> _DATA FOR THIS TASK_
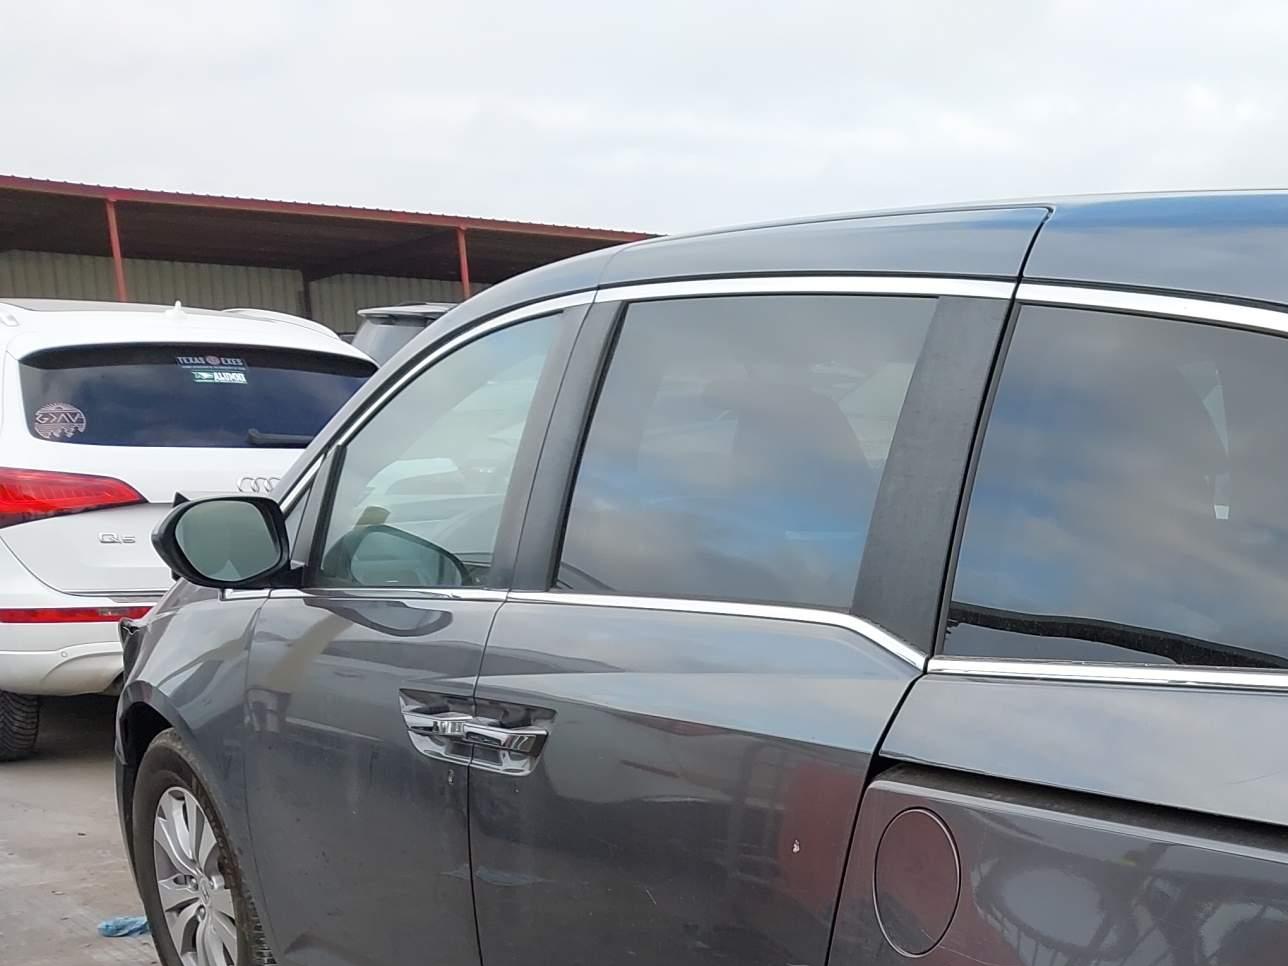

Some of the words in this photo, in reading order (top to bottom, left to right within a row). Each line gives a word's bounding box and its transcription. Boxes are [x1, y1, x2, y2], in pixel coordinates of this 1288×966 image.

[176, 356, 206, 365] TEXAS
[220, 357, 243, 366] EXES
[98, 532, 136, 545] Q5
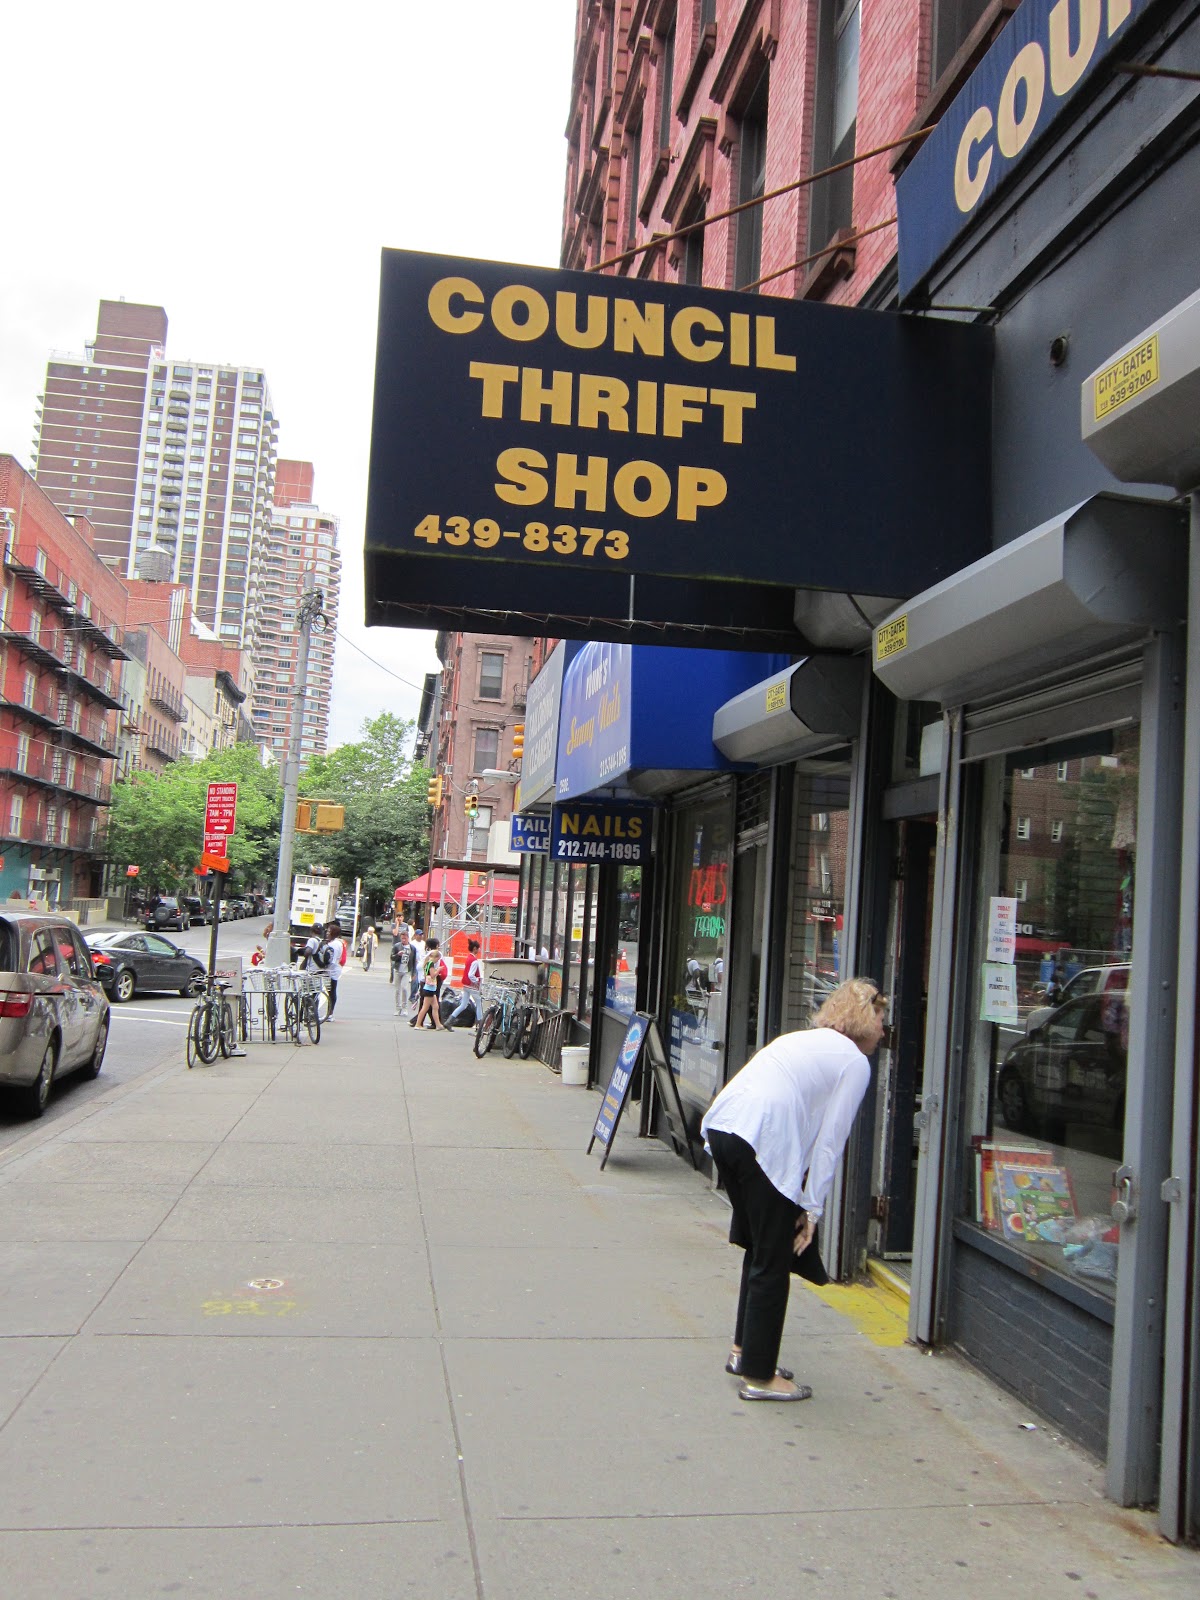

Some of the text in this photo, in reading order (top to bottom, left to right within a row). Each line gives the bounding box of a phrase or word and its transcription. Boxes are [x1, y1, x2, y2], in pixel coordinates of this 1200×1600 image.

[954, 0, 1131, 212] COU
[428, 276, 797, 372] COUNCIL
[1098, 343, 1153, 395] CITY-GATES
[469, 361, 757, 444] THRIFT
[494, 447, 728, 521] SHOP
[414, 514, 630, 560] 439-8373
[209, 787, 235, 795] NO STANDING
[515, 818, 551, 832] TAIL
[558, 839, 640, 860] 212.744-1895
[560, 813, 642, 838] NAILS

> _TASK BRIEF_
Output the listing unchanged, pictures excluded.

> _RESPONSE BELOW_
Some of the words in this photo, in reading order (top to bottom, left to right within a row). Each line gives a word's bounding box and its transcription. Boxes are [x1, y1, x2, y2], in pixel coordinates of this 1288×966 image.

[176, 356, 206, 365] TEXAS
[220, 357, 243, 366] EXES
[98, 532, 136, 545] Q5

Some of the text in this photo, in reading order (top to bottom, left to right within a row). Each line gives the bounding box of a phrase or word and its transcription. Boxes are [x1, y1, x2, y2], in pixel coordinates of this 1200×1600 image.

[954, 0, 1131, 212] COU
[428, 276, 797, 372] COUNCIL
[1098, 343, 1153, 395] CITY-GATES
[469, 361, 757, 444] THRIFT
[494, 447, 728, 521] SHOP
[414, 514, 630, 560] 439-8373
[209, 787, 235, 795] NO STANDING
[515, 818, 551, 832] TAIL
[558, 839, 640, 860] 212.744-1895
[560, 813, 642, 838] NAILS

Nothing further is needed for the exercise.